For me, the word “islands” was significant, as it appears at the beginning and is associated with the British Isles, with the specific history of emigration that ended tragically, but this specificity also has a different level. Is an island an escape?
– Yes, it is a space for dreams and achievement, but also an enclave where you can go and experience something safely.
For example, with a random man. The moment of being in a space out of time is an escape for your heroine.

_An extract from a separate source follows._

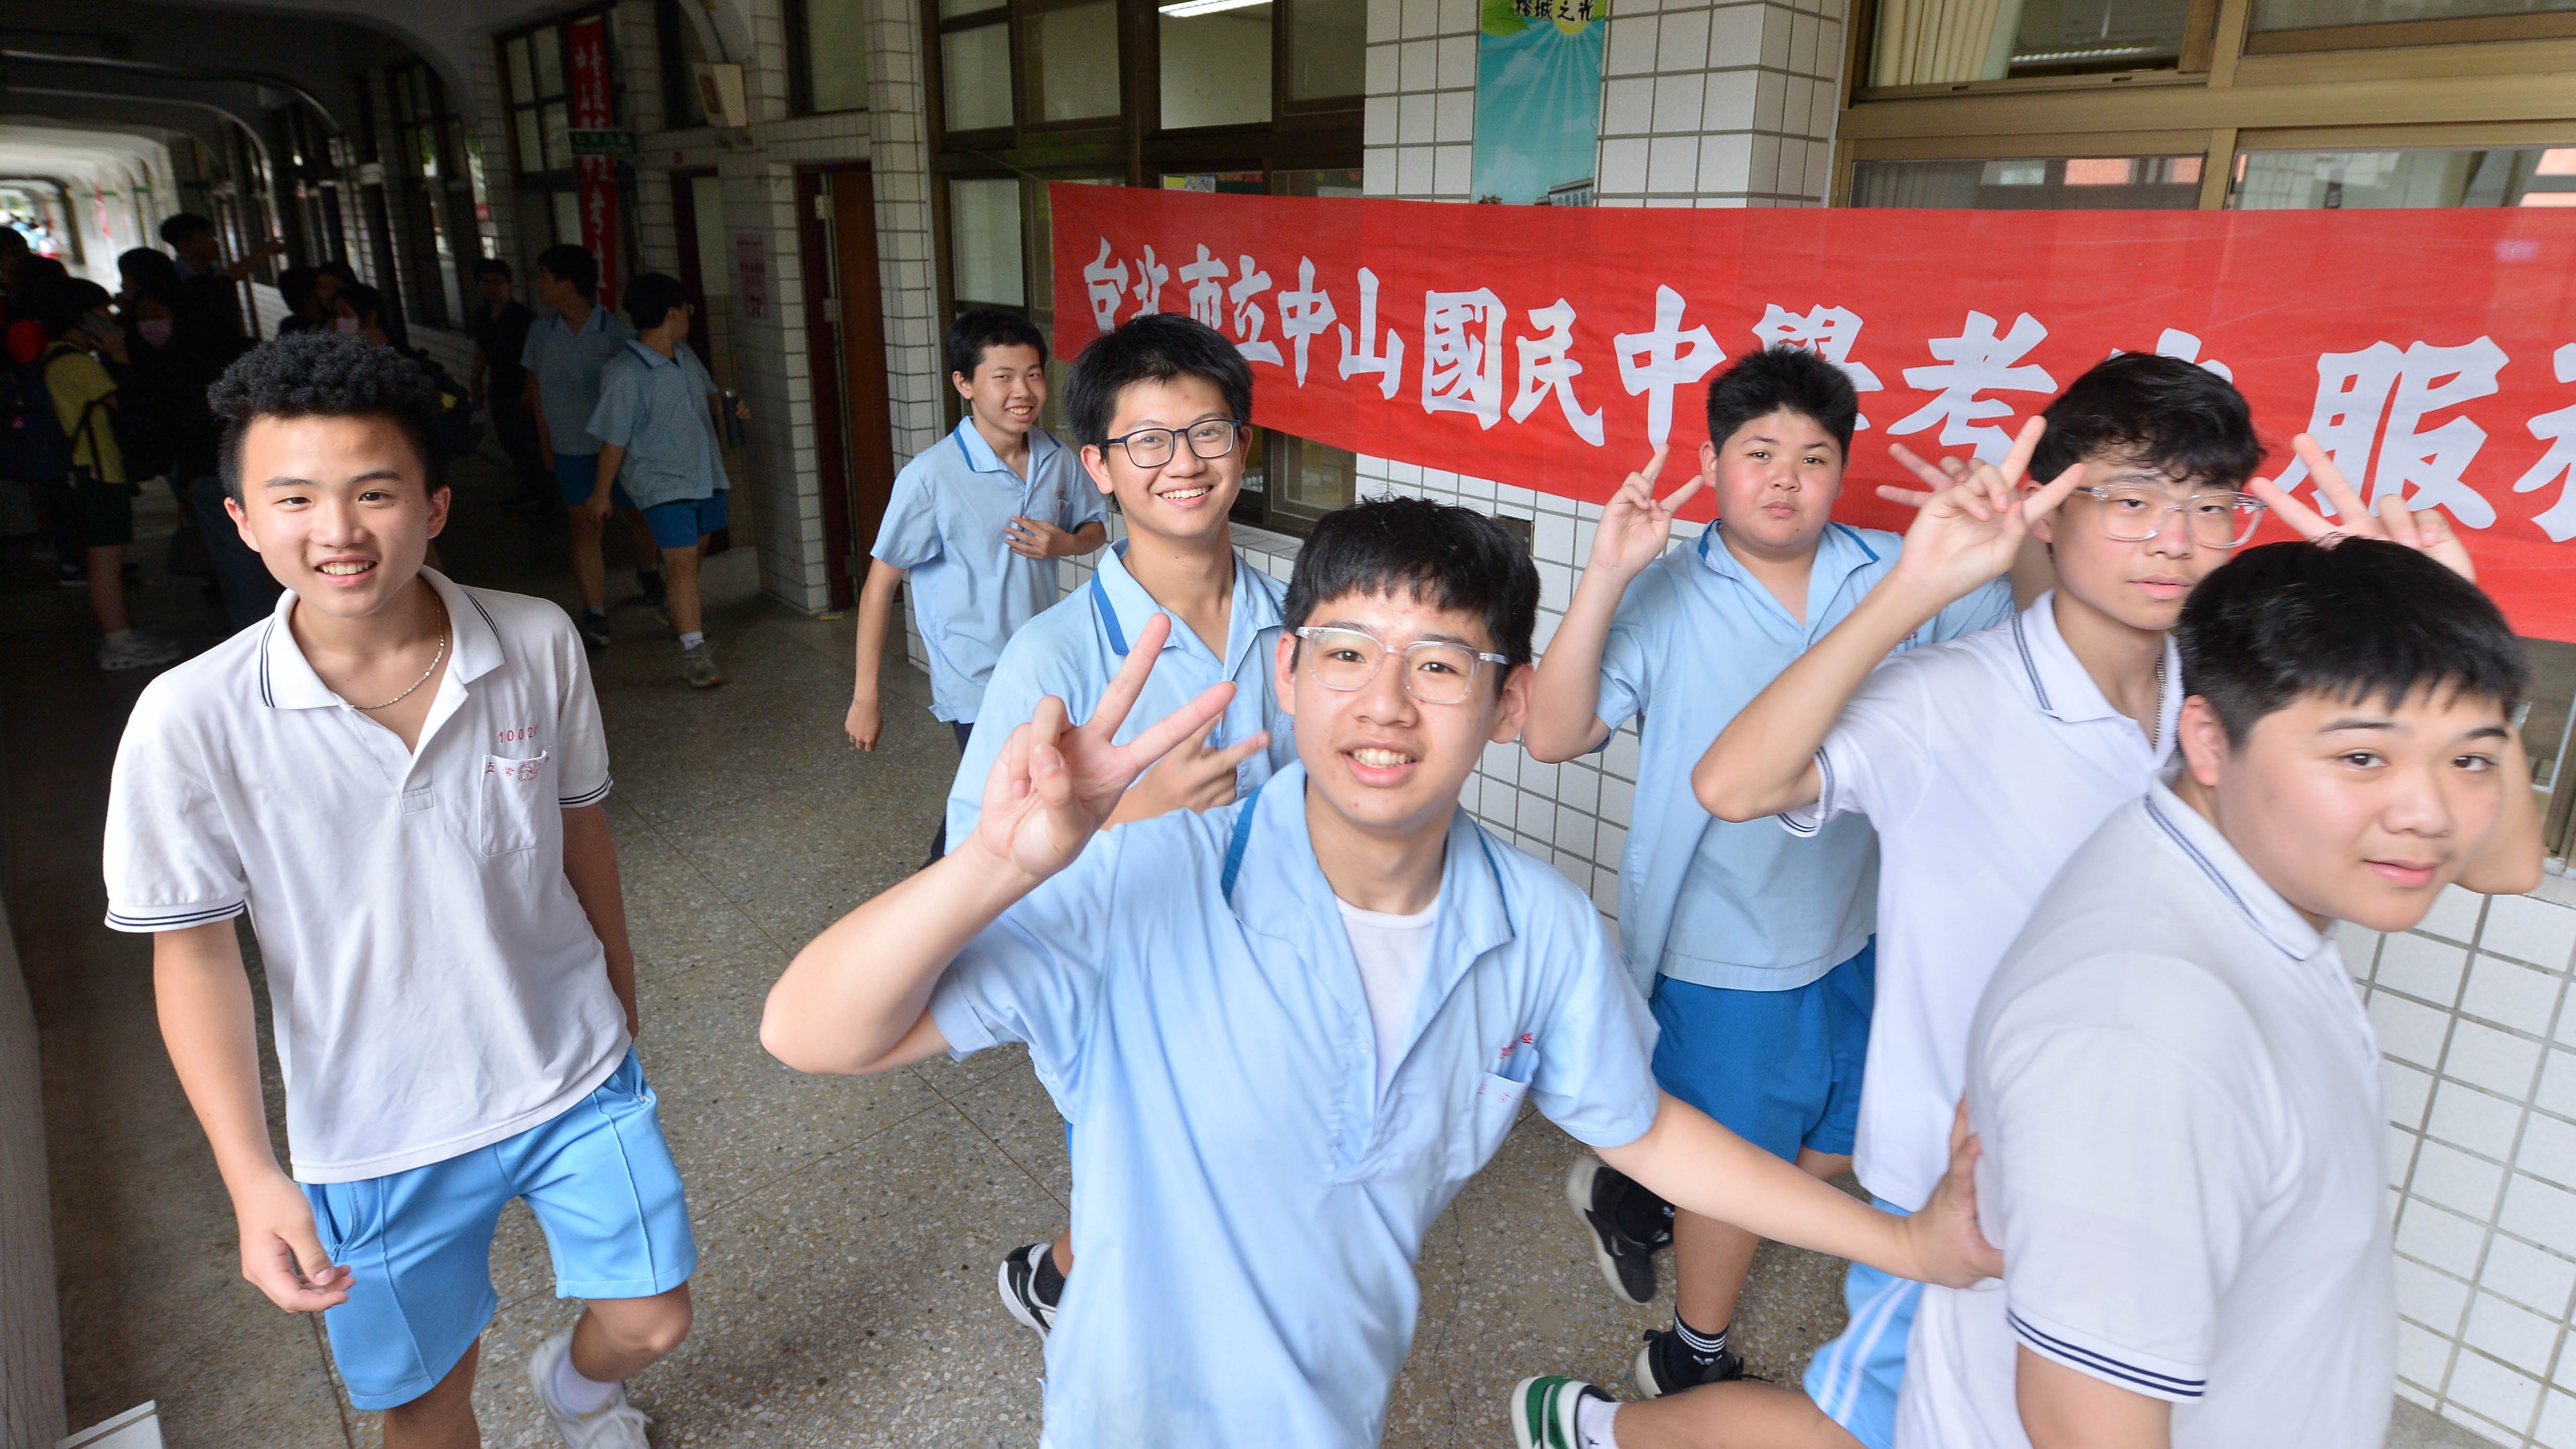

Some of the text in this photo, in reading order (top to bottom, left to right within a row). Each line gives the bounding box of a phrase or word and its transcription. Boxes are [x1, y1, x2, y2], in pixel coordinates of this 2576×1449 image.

[1084, 235, 2576, 543] 台北市立中山國民中學考服

– She can finally hide in an undetectable, unreachable space. It is also a place beyond growth and success, where the vectors of life are directed toward decay, nothingness, and not toward gain and proof. Love and sex end up being a form of self-destruction. But also liberation from the gray everyday life, the drudgery and the sterility of existence. The opposite of the misery of the enchanted life at Pepco – objects that are illusions. New waste triumphantly making its way through her apartment to the trash can.

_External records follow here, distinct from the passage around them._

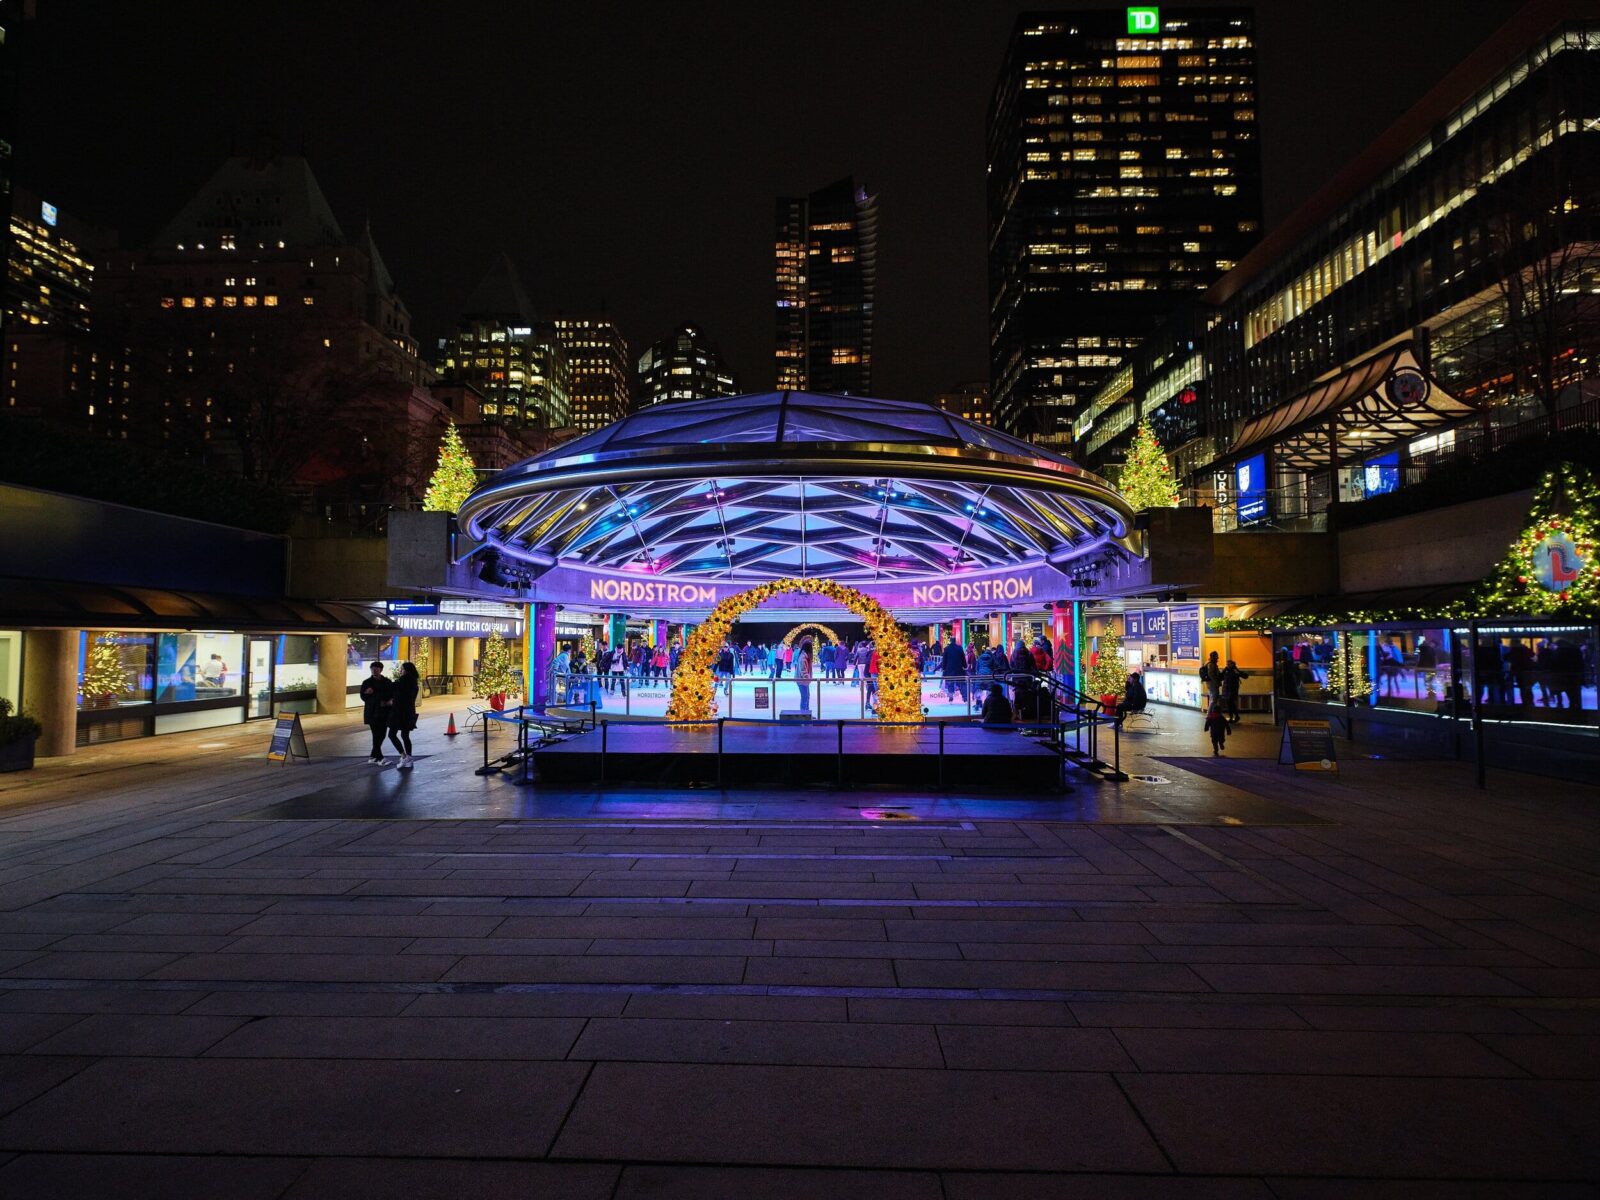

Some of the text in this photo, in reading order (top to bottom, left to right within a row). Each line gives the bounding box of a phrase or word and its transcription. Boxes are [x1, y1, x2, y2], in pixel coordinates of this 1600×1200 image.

[1130, 11, 1157, 30] TD
[590, 579, 717, 603] NORDSTROM
[913, 576, 1033, 604] NORDSTROM
[397, 617, 444, 631] UNIVERSITY
[444, 619, 455, 631] OF
[455, 620, 480, 632] BRITISH
[1148, 613, 1166, 631] CAFÉ

The publisher describes this book as a trash novel. A collection of fragments, leftovers. Trash is important in your literary world, right?
– Trash is the new nature. Trash is important because there is Switzerland with its religion of cleanliness and order, and there is the rest of the world where trash is an objective reality. Not something marginal that we push out of sight, but something that grows, swells, covers, begins to dominate. The worlds we build are becoming increasingly ephemeral. I’m talking, for example, about those skyscrapers with a short shelf life that are being demolished and new ones are being built. I’m talking about Instagram culture, momentary staging, disposable images. These are worlds that collapse as soon as the photo is taken. Everything is designed and produced in a way that is disposable, so that you can live as many lives as possible, play as many roles as possible with as many objects and gadgets in your hands as possible.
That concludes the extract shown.